> **WHAT THE TASK ASKS**
Your copy of the data should match it exactly, except that the pictures are gone.

(Free-text object descriptions)
▼
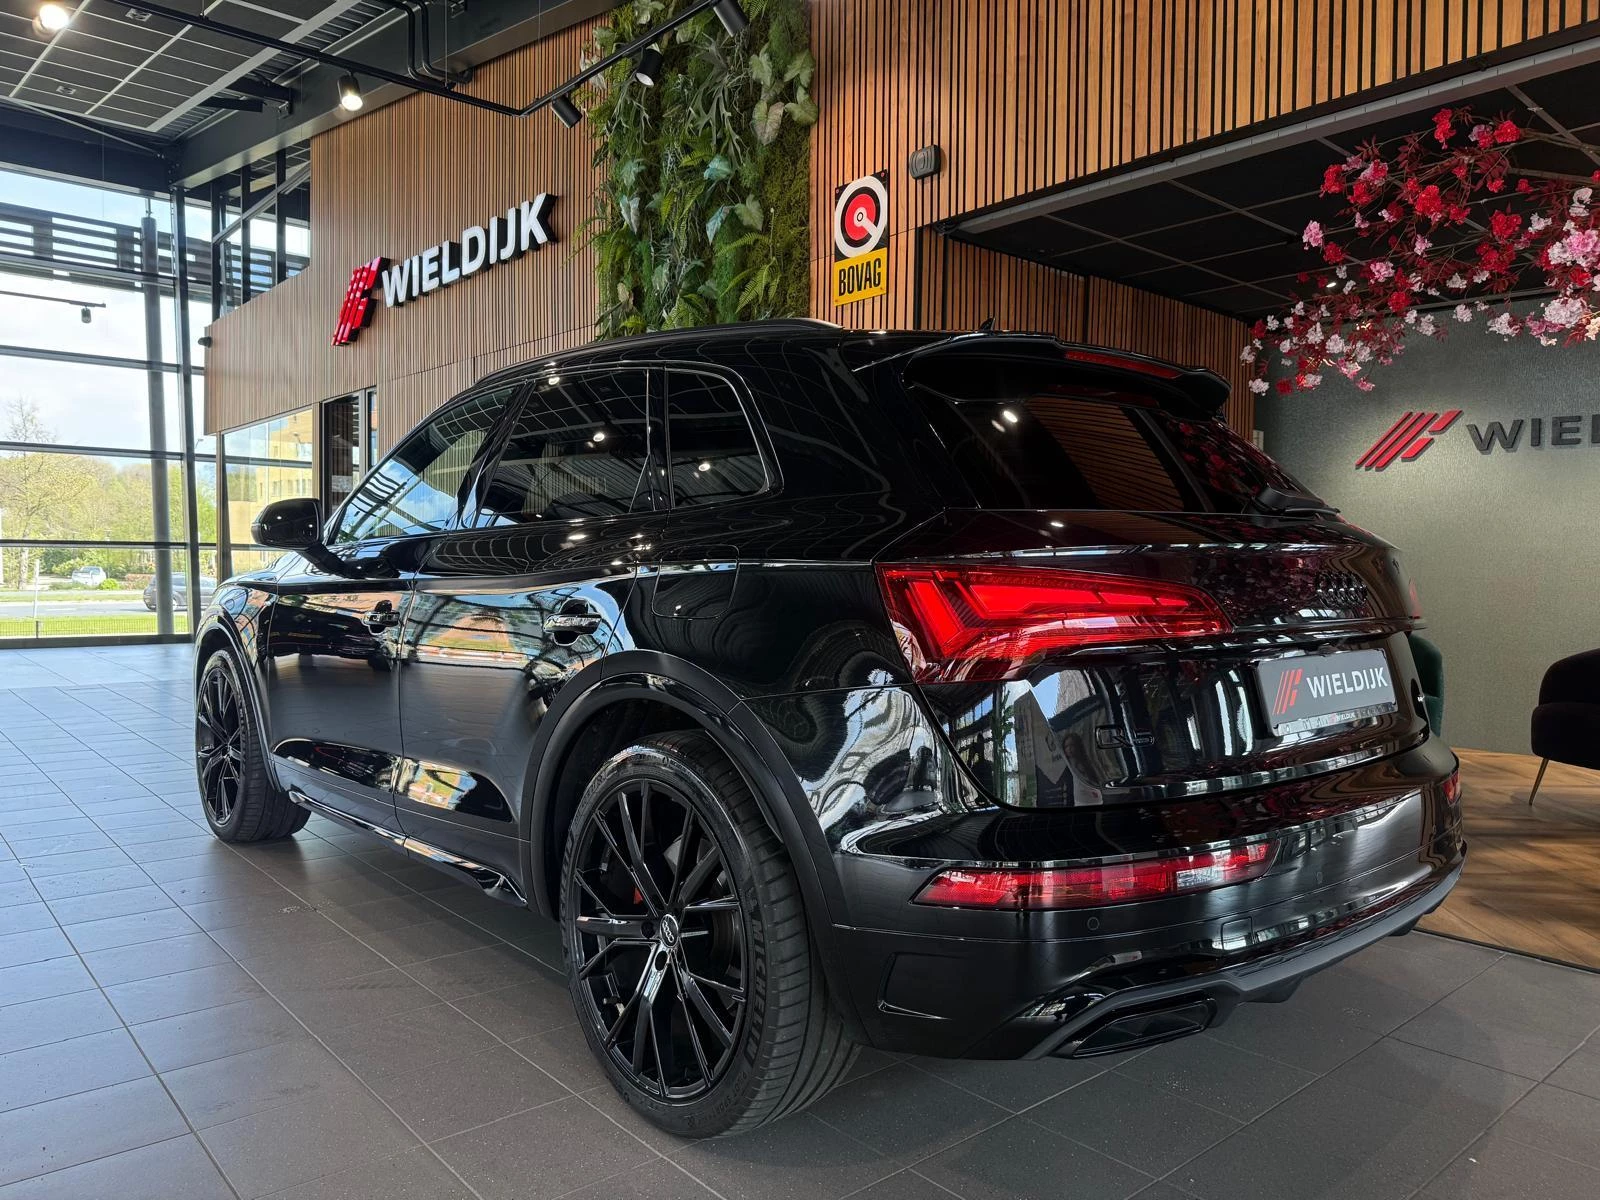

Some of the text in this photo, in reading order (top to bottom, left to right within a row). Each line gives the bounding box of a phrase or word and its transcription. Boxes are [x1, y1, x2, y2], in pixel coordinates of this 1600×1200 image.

[381, 192, 548, 308] WIELDIJK
[838, 257, 881, 297] BOVAG
[1306, 667, 1388, 699] WIELDIJK
[748, 917, 767, 1061] MICHELIN
▲
> **PROBLEM SOLUTION**
Some of the text in this photo, in reading order (top to bottom, left to right within a row). Each line gives the bounding box of a phrase or word and its transcription. Boxes are [x1, y1, x2, y2], in pixel coordinates of this 1600×1200 image.

[381, 192, 548, 308] WIELDIJK
[838, 257, 881, 297] BOVAG
[1306, 667, 1388, 699] WIELDIJK
[748, 917, 767, 1061] MICHELIN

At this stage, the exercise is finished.